Phrase grounding data:
§

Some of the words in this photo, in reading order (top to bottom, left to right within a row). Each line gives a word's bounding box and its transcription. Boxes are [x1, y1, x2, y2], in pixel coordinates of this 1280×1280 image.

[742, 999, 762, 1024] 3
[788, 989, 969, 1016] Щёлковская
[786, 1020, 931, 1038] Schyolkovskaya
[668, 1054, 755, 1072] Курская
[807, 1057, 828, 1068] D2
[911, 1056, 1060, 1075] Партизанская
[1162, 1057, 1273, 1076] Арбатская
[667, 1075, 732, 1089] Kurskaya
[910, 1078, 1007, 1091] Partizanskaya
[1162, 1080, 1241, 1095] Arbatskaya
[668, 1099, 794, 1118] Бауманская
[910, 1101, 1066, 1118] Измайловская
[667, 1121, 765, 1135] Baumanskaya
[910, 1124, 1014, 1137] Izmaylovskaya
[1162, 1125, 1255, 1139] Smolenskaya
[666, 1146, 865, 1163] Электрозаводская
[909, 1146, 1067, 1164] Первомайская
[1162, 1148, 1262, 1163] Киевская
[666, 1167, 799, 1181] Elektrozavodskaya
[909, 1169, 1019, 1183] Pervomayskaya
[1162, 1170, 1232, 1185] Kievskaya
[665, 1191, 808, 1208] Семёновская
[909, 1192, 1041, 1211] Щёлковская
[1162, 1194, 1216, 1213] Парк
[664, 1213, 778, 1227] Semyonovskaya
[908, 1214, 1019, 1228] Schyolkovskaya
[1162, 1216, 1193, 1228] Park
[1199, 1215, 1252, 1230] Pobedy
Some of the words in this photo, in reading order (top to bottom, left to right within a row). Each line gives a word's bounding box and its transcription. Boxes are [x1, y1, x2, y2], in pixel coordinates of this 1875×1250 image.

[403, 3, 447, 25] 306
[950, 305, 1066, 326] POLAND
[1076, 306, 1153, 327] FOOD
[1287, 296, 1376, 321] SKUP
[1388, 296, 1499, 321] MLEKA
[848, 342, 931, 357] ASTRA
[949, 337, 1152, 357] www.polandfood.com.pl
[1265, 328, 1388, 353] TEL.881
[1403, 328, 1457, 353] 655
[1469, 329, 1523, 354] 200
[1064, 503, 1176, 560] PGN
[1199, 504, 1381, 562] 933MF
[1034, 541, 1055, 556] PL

§

Prompt → Write out every line of the data again, exactly as it reads.

Task result →
Some of the words in this photo, in reading order (top to bottom, left to right within a row). Each line gives a word's bounding box and its transcription. Boxes are [x1, y1, x2, y2], in pixel coordinates of this 1280×1280 image.

[742, 999, 762, 1024] 3
[788, 989, 969, 1016] Щёлковская
[786, 1020, 931, 1038] Schyolkovskaya
[668, 1054, 755, 1072] Курская
[807, 1057, 828, 1068] D2
[911, 1056, 1060, 1075] Партизанская
[1162, 1057, 1273, 1076] Арбатская
[667, 1075, 732, 1089] Kurskaya
[910, 1078, 1007, 1091] Partizanskaya
[1162, 1080, 1241, 1095] Arbatskaya
[668, 1099, 794, 1118] Бауманская
[910, 1101, 1066, 1118] Измайловская
[667, 1121, 765, 1135] Baumanskaya
[910, 1124, 1014, 1137] Izmaylovskaya
[1162, 1125, 1255, 1139] Smolenskaya
[666, 1146, 865, 1163] Электрозаводская
[909, 1146, 1067, 1164] Первомайская
[1162, 1148, 1262, 1163] Киевская
[666, 1167, 799, 1181] Elektrozavodskaya
[909, 1169, 1019, 1183] Pervomayskaya
[1162, 1170, 1232, 1185] Kievskaya
[665, 1191, 808, 1208] Семёновская
[909, 1192, 1041, 1211] Щёлковская
[1162, 1194, 1216, 1213] Парк
[664, 1213, 778, 1227] Semyonovskaya
[908, 1214, 1019, 1228] Schyolkovskaya
[1162, 1216, 1193, 1228] Park
[1199, 1215, 1252, 1230] Pobedy
Some of the words in this photo, in reading order (top to bottom, left to right within a row). Each line gives a word's bounding box and its transcription. Boxes are [x1, y1, x2, y2], in pixel coordinates of this 1875×1250 image.

[403, 3, 447, 25] 306
[950, 305, 1066, 326] POLAND
[1076, 306, 1153, 327] FOOD
[1287, 296, 1376, 321] SKUP
[1388, 296, 1499, 321] MLEKA
[848, 342, 931, 357] ASTRA
[949, 337, 1152, 357] www.polandfood.com.pl
[1265, 328, 1388, 353] TEL.881
[1403, 328, 1457, 353] 655
[1469, 329, 1523, 354] 200
[1064, 503, 1176, 560] PGN
[1199, 504, 1381, 562] 933MF
[1034, 541, 1055, 556] PL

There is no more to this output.